Un grupo de intelectuales neoyorkinos, de centro izquierda y en su mayoría judíos, deciden, ante la amenaza de una guerra inminente, abandonar sus cómodas vidas para participar en un proyecto ideado por ellos. El experimento que se disponen a llevar a cabo tendrá como ubicación una montaña perdida en la nada, un sitio que ni siquiera aparece en los mapas de carreteras y que cuenta con un complejo turístico abandonado. Es en ese lugar donde los pacifistas burgueses de esta historia fundarán una colonia que llamarán Utopía. Utopía es un proyecto comunitario que nace bajo el lema de la fraternidad y que pretende regirse por la justicia.

En El oasis (1949), los personajes de Mary McCarthy desean “remodelar el material humano”. Pero pronto se darán cuenta de que una idea no es una seta silvestre. Pronto comprenderán que una idea necesita de trabajo, de sacrificio, de acción y de autocrítica para que fructifique. Utopía es, sobre todas las cosas, el lugar donde se pone en evidencia lo pernicioso que es el buenismo, ese término tras el cual se esconde una intención manipuladora y que tantos adeptos tiene debido a su poder de sugestión.

El oasis es una sátira sobre el buenismo. Esos seres bienintencionados, decididos a alimentarse de lo que producen y que rechazan los artilugios modernos que facilitan la vida cotidiana y que hasta el momento del cambio utilizaban; esos hombres y mujeres que desean exportar su ensayo sociológico a otros lugares del mundo, terminan convirtiendo Utopía en un lugar de descanso veraniego, donde lo que importa no es ni la fraternidad, ni el compromiso de “vivir para otros”, sino la felicidad individual. En Utopía vence el interés personal.

La novela fue escrita en plena histeria por la bomba atómica. Los protagonistas de El oasis huyen de una futurible guerra. El miedo es lo que los une. Actúan por instinto de conservación. Son egoístas, desconfiados, hipócritas, cobardes, cínicos, resentidos. En el fondo, ninguno cree en nada, ni siquiera en sí mismos.

Tras la ironía y la sátira, Mary McCarthy, aguda observadora de su entorno, esconde una fuerte crítica social y política. Los intelectuales y radicales de su novela no tienen inspiración, ni vitalidad, sólo valen para las disputas sobre asuntos intrascendentes. No son creadores de tendencias, no tienen ideas ilustradas y siempre están agitados. Se creen seres superiores, capaces de cambiar la humanidad, pero no son más que un grupo de esnobistas mediocres.

Mary MacCarthy fue una mujer liberal, de pluma ágil y mordaz, que denunció el McCarthyismo y el estalinismo. La autora estuvo en contra de la guerra de Vietnam y cubrió, como periodista, el caso Watergate.
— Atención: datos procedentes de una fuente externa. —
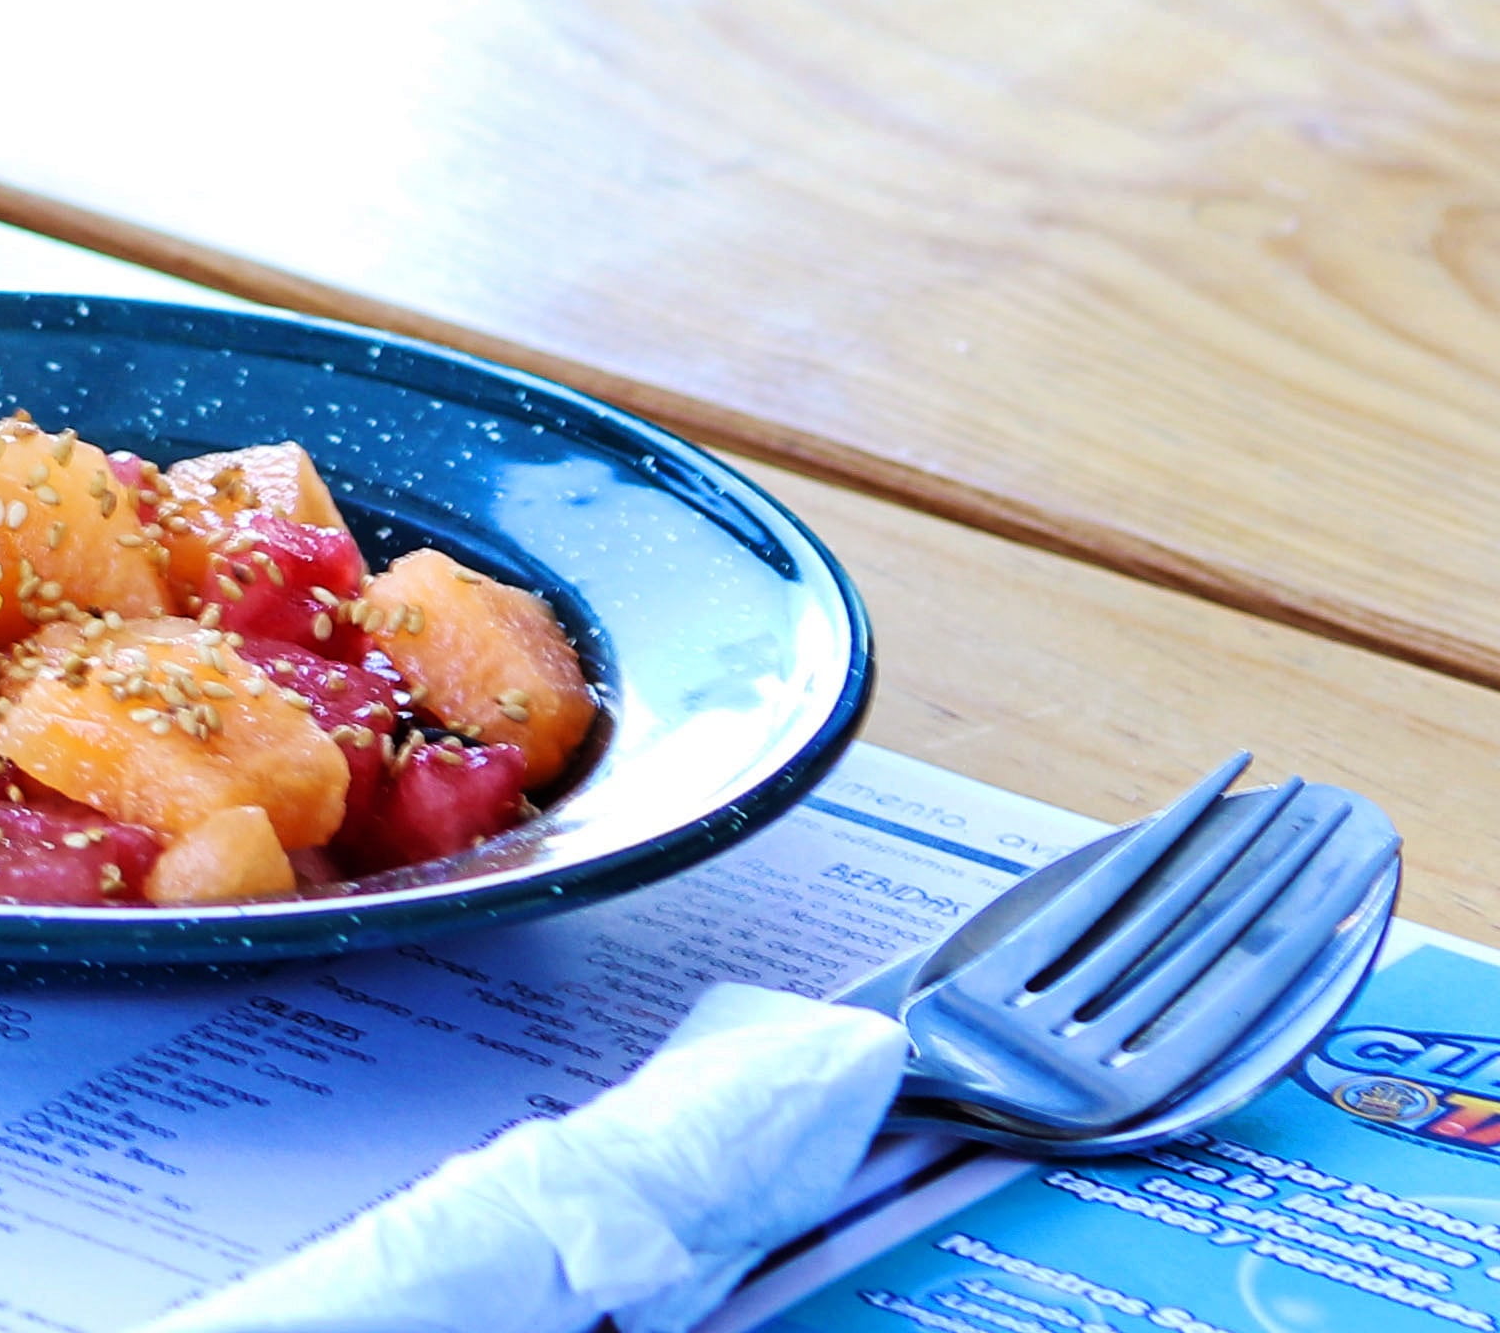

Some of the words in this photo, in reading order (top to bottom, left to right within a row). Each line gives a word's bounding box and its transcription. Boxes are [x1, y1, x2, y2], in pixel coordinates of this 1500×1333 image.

[820, 863, 972, 919] BEBIDAS
[1141, 1175, 1222, 1210] tus
[1204, 1139, 1350, 1192] mejor
[1042, 1167, 1224, 1235] tapetes
[1278, 1191, 1481, 1268] limpieza
[933, 1231, 1153, 1317] Nuestros
Fue una mujer que tuvo que soportar las consecuencias de su actitud honesta y la supremacía del pensamiento masculino.

Mary McCarthy, fotografía de Philippe Halsman.

Ni comuna de la justicia, ni comuna de la felicidad. Utopía es el reino de las hostilidades. Mary MacCarthy tuvo una estrecha relación con los New York Intellectuals. Los personajes de El oasis están inspirados en los escritores y críticos literarios progres que tan bien conoció, pues fue parte integrante del grupo hasta que decidió convertir a sus conocidos en protagonistas de su producción literaria.  En El oasis, como en otros títulos suyos, la autora mezcla realidad y ficción.

MacCarthy machaca a sus antiguos colegas. Los enfrenta en dos bandos y construye una crítica mordaz centrada en la actitud ingenua, frívola y cobarde que mantuvieron frente a la Guerra Fría. Para la escritora, la postura conservadora y buenista de sus compañeros fue decepcionante; de ahí que nos los presente en su novela como “naturalezas reprimidas”.

El oasis ha sido traducido por Raquel Vicedo para la editorial Impedimenta.